Finally! The rain has slowed down, the sun has come out and
summer has decided to arrive in Yankee’s territory. It feels good and so does
Yankee’s financial health. Yankee’s second quarter financial results are now
available and we can announce that we had another good quarter. Favorable net
income was primarily due to a negative provision for loan losses. This is a
result of the improving quality of the loan portfolio, which remains strong. It
is expected to remain that way in the foreseeable future. The balance sheet
shows that loans were down from year-end, but up from the previous quarter.
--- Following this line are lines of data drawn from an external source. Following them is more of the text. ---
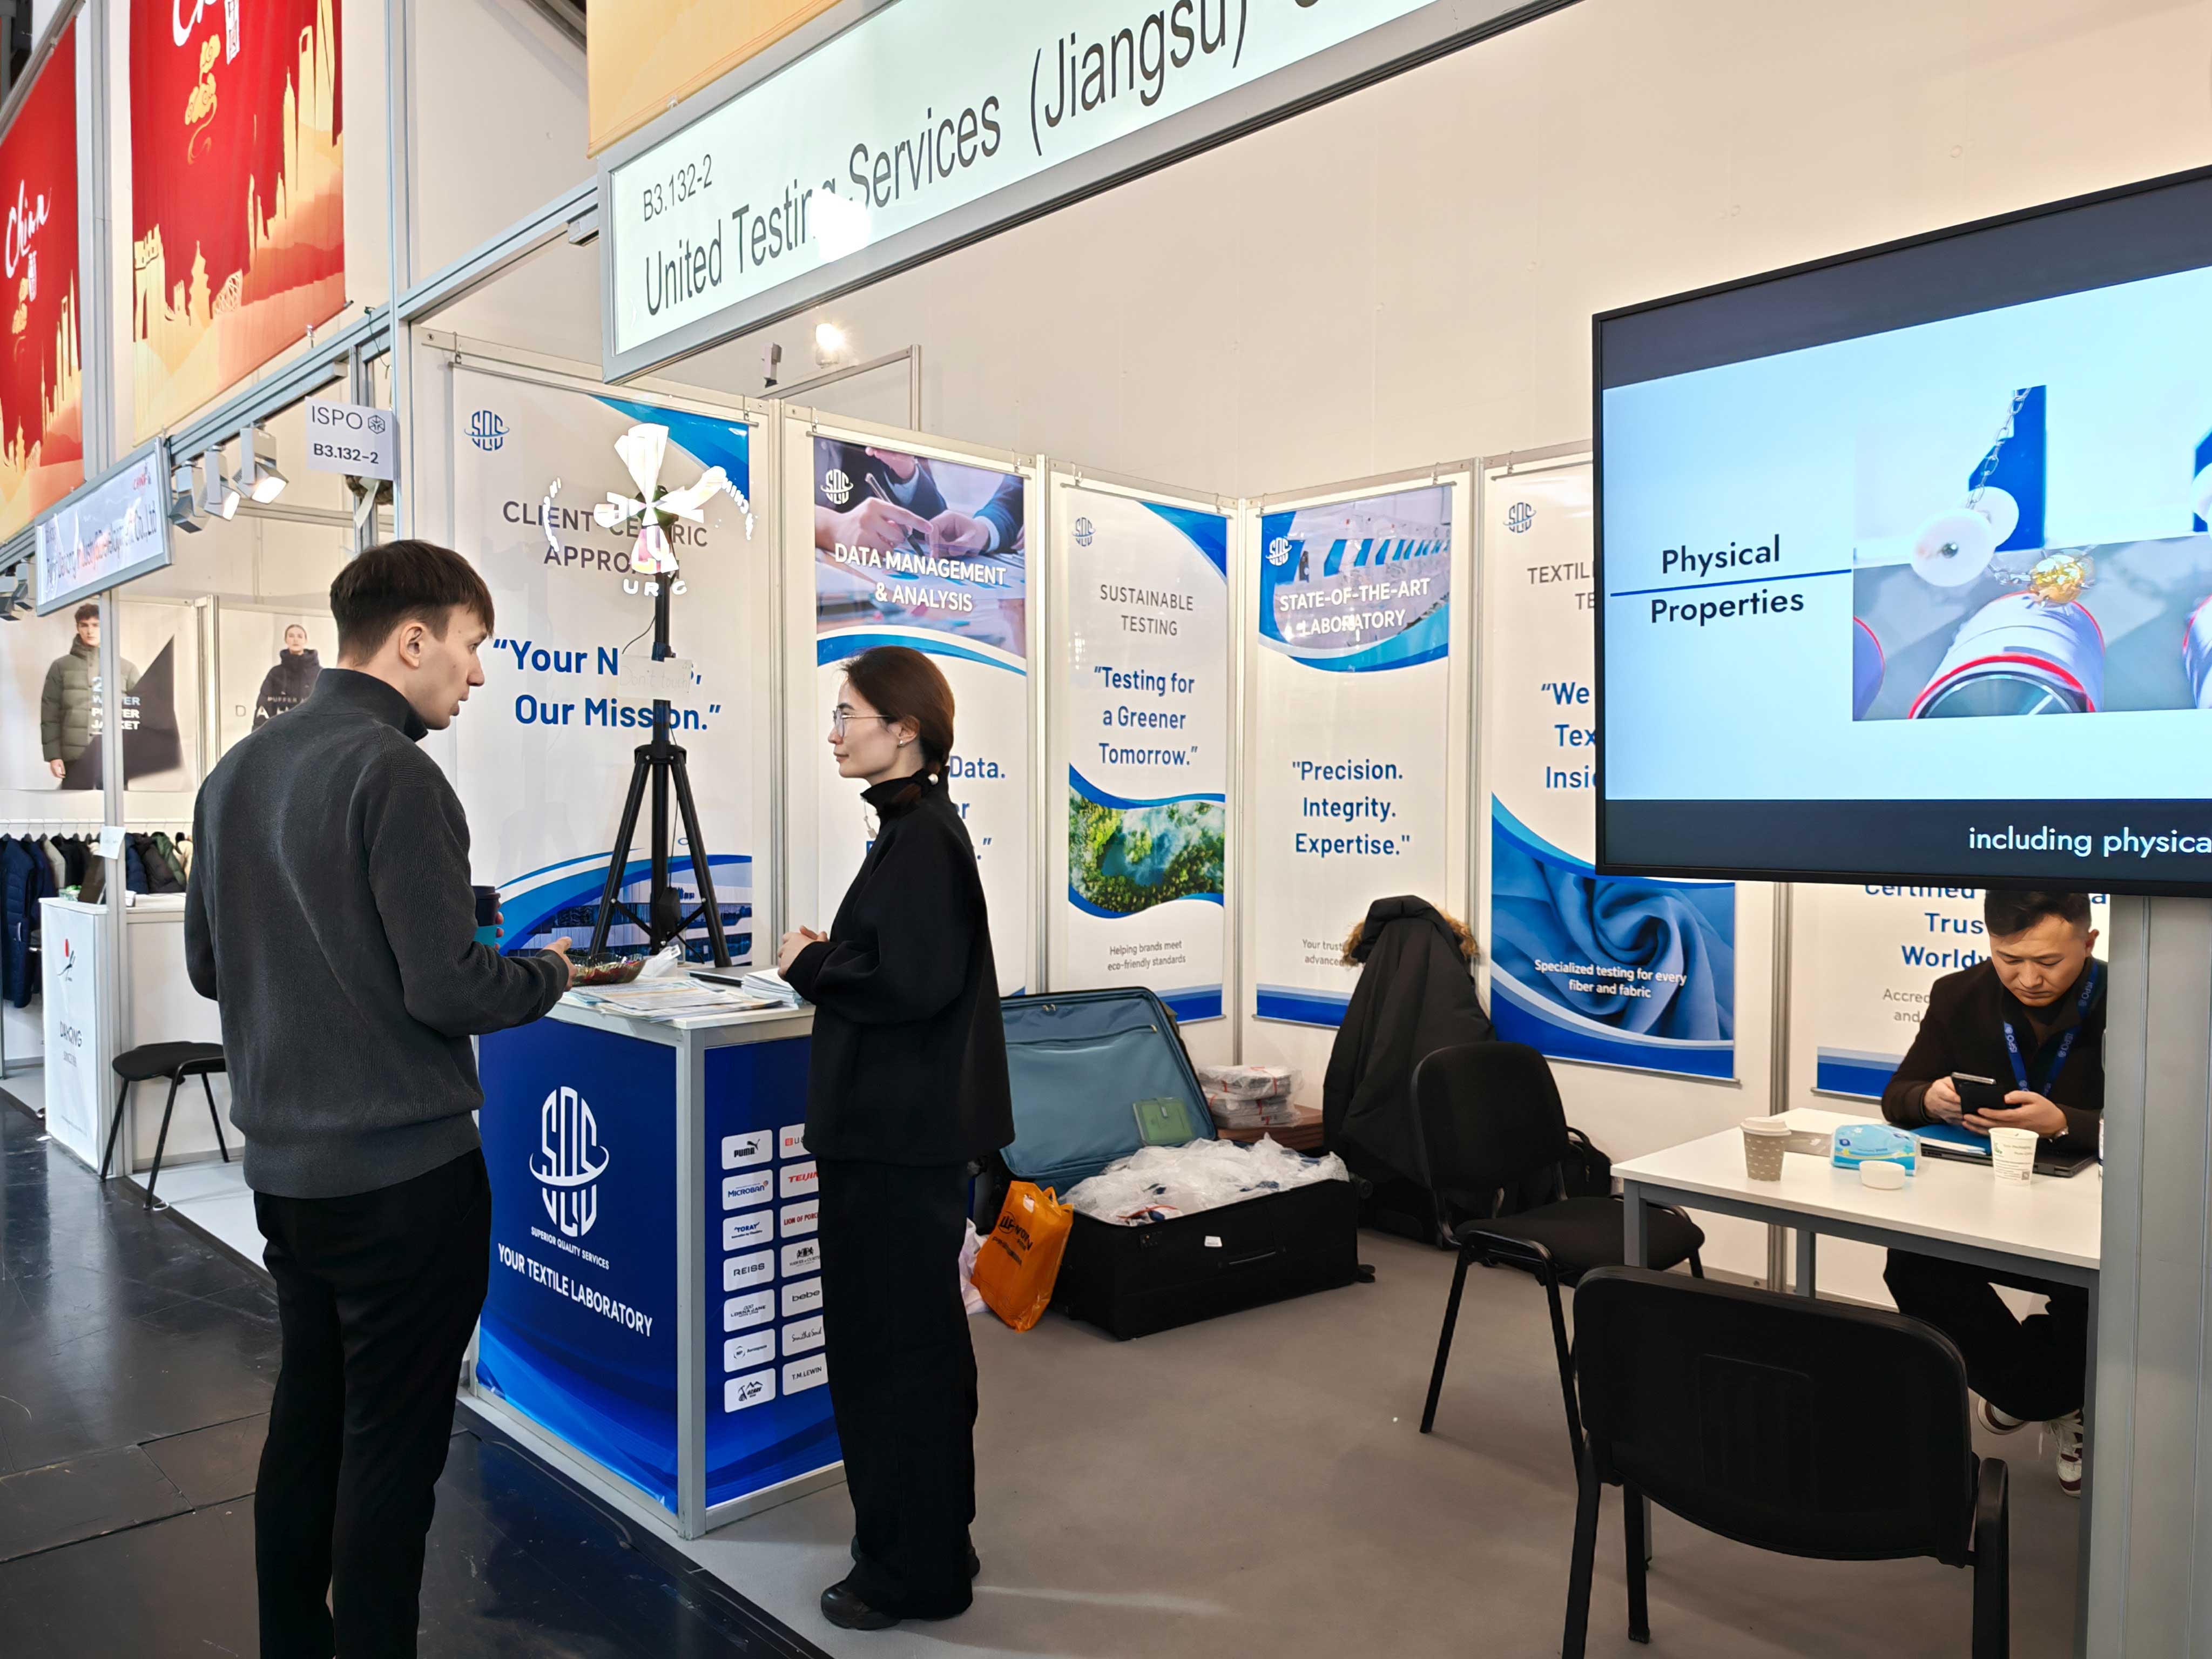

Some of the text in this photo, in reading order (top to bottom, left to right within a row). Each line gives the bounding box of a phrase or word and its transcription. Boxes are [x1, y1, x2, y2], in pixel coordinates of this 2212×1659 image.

[645, 0, 1247, 316] United Testi Services (Jiangsu)
[644, 154, 712, 222] B3.132-2
[311, 406, 363, 430] ISPO
[313, 443, 379, 464] B3.132-2
[834, 543, 1007, 585] DATA MANAGEMENT
[1662, 533, 1780, 577] Physical
[1527, 563, 1595, 585] TEXTIL
[875, 582, 973, 612] & ANALYSIS
[1100, 584, 1194, 611] SUSTAINABLE
[1279, 577, 1430, 612] STATE-OF-THE-ART
[1651, 589, 1804, 626] Properties
[1121, 615, 1178, 636] TESTING
[1302, 609, 1406, 636] LABORATORY
[1171, 672, 1195, 694] for
[515, 694, 721, 730] Our Misson.”
[1103, 705, 1186, 730] a Greener
[1303, 797, 1397, 823] Integrity.
[1969, 825, 2212, 858] including physica
[1925, 912, 1984, 934] Trus
[1109, 940, 1183, 956] Helping brands meet
[1302, 939, 1343, 951] Your trust
[1107, 954, 1186, 972] eco-friendly standards
[1535, 959, 1687, 986] Specialized testing for every
[1569, 980, 1651, 998] fiber and fabric
[1894, 1010, 1920, 1022] and
[734, 1147, 754, 1157] PUMA
[734, 1222, 760, 1232] TORAY
[784, 1217, 795, 1225] LION
[531, 1226, 609, 1270] SUPERIOR QUALITY SERVICES
[733, 1263, 765, 1276] REISS
[498, 1243, 652, 1337] YOUR TEXTILE LABORATORY
[792, 1290, 820, 1302] bebe
Great
members and staff are two reasons for these results.
Quarterly net
income for Yankee was $3.1 million, an increase of $1.1 million over the same period in 2014. The most significant
factor driving the increase was a negative provision of $468 thousand to the provision for credit losses, as compared
to a provision of $424 for the same period in 2014. This was due to the
improving quality of our loan portfolio.
For the first six months of 2015, net income was $5.7
million, an increase of $1.3 million from 2014. There was a negative provision
for credit losses of $604 thousand through the second quarter of 2015, as
compared to a provision of $732 during the same period of 2014. Other income
increased $197 thousand, primarily due to an increase in income from fees for
financial services.
Loans held by the Association at June
30, 2015 were $423.4 million, down 2.3 percent from year end but up 0.9 percent
from March 31, 2015. The loan portfolio continues to be concentrated in the
dairy industry with 49 percent of loan invested in dairy businesses. The second
largest concentration is timber, with 15 percent of loan volume at quarter end.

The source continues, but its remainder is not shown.